Perder por um décimo é…
Tem uma pontinha de engasgo. A Beija-Flor foi linda na avenida, apoiamos e estamos muito felizes com tudo e parabenizamos as duas escolas. A crítica deles representa o povo sim, violência, morte… o povo tá bem representado ali. Fizemos críticas contundentes. As duas escolas transmitiram um pouco do anseio de parte da sociedade.
Manifestoches já é novo vocábulo da língua portuguesa. Quem criou?
Jack Vasconcelos. Se você pensar, a escola poderia estar numa charge de jornal. Essa é a idéia. Não respondemos a nada, mas perguntamos sobre tudo. No momento das manifestações, quem se manifestou à época foi manipulado ou não? A carteira de trabalho sendo fuzilada é uma pergunta: nossos direitos sociais e trabalhistas estão sendo fuzilados? A escola perguntou e o público respondeu afirmativamente. Mas é importante dizer que a escola é apartidária, é um grêmio recreativo cultural, trabalhamos com alegorias. A Tuiuti é apenas um instrumento para a discussão. A gente nem se preocupou com o ano eleitoral. Quem acha que não houve golpe, por exemplo, acha que a escola exagerou. Fui acusado de várias coisas, inclusive de ser… como se fala mesmo… esquerdopata (risos).
Sobre as críticas, resumidamente, as vozes contrárias dizem que vocês criticam a reforma trabalhista mas não assinam carteira dos funcionários, não pagaram indenização à família da radialista morta no acidente do ano passado e que receberam dinheiro do Minc.
Captamos parte dos recursos pelo Ministério da Cultura, que fomenta a cultura. Não estamos em momento de censura. O ministro da Cultura Sérgio Sá Leitão foi ao barracão um mês antes do Carnaval e em nenhum momento pediu para mexer em nada. Nenhuma escola de samba assina carteira de funcionários, eles trabalham por empreitada, muitos são MEI, que pagam seus impostos e trabalham como autônomos. Quem fez essa crítica desconhece a realidade das escolas do Rio.

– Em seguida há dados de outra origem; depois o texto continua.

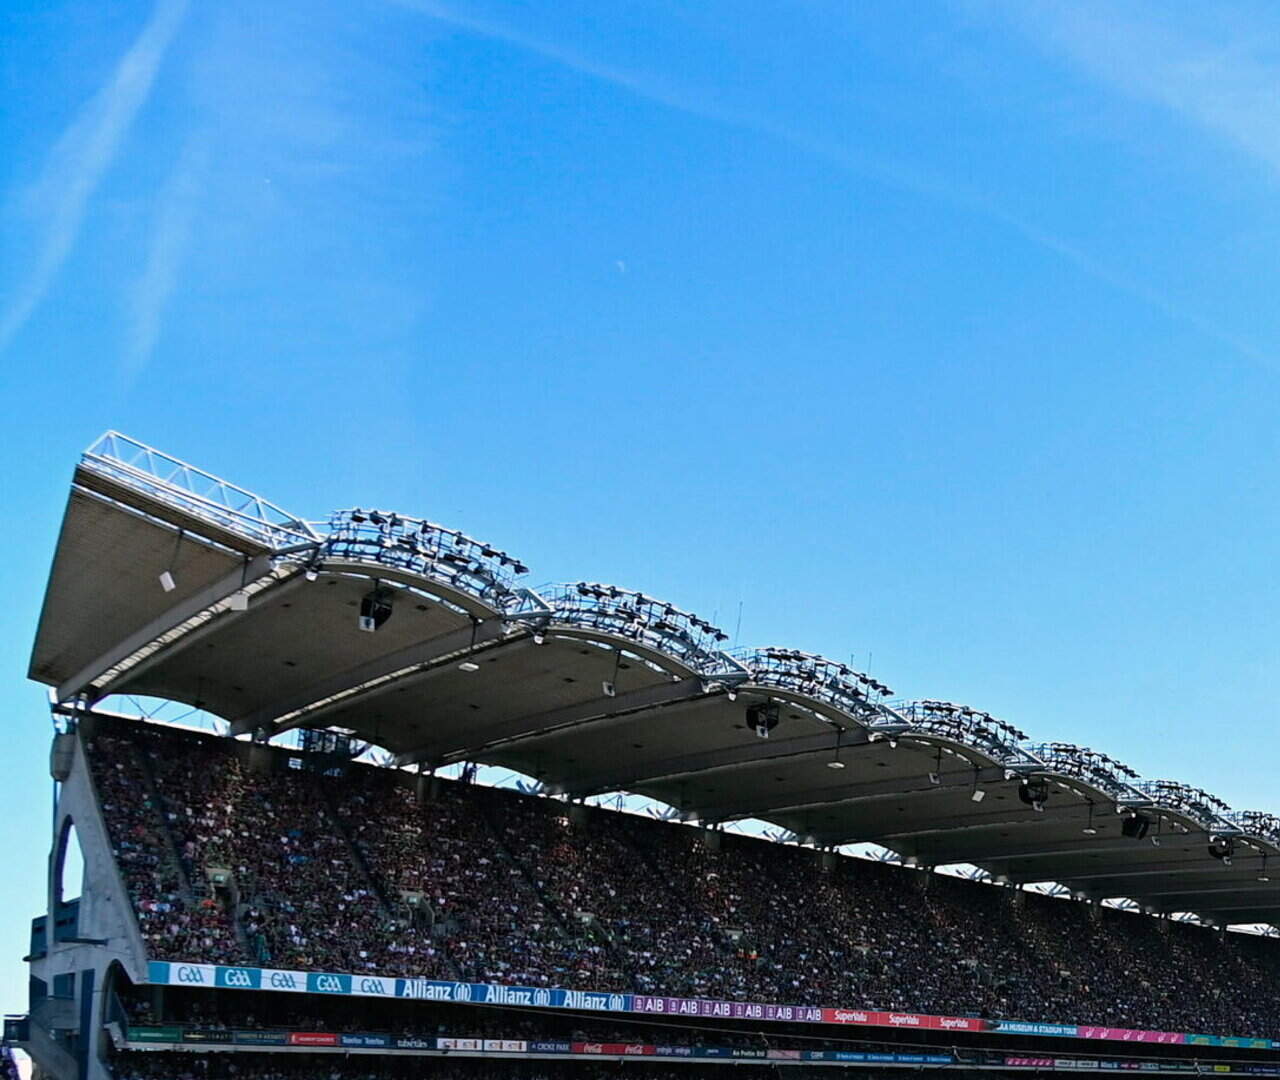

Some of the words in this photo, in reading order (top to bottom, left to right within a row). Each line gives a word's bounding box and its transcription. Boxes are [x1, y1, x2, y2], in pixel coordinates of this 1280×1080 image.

Sobre as indenizações, a escola ajudou as vítimas e parentes de vítimas. Duas não aceitaram e foram à Justiça. Então, quem decide é a Justiça. Nós fizemos nossa parte dentro dos limites da capacidade da escola, porque o que aconteceu foi um acidente, não um ato deliberado.
Como a escola se financia e quanto custou o desfile?
Televisão que paga os direitos da transmissão, ingressos da Liesa, venda de CDs, financiamento próprio. Conseguimos nesse ano financiamentos privados através da Lei de Incentivo, do Minc. Nenhum desfile custa menos de R$ 5 milhões.
Depois de todo esse sucesso de vocês e se fosse possível a Globo retransmitir você acha que seria diferente? (O desfile das campeãs neste sábado 17/02 só será transmitido pela TV BRASIL – o desfile começa às 21h15, mas a entrada da Tuiuti está prevista para 1h35, já na madrugada de domingo)?
Confesso que não vi a transmissão da Globo, mas é importante dizer que os narradores vieram ao barracão, os repórteres de pista também. Conheciam tudo, o projeto todo e gostaram muito, elogiaram. Posso te garantir que não foi surpresa para eles. Eu fui uma das pessoas que apresentou o projeto para eles. Não posso criticar, porque não vi a transmissão, mas surpresa não foi.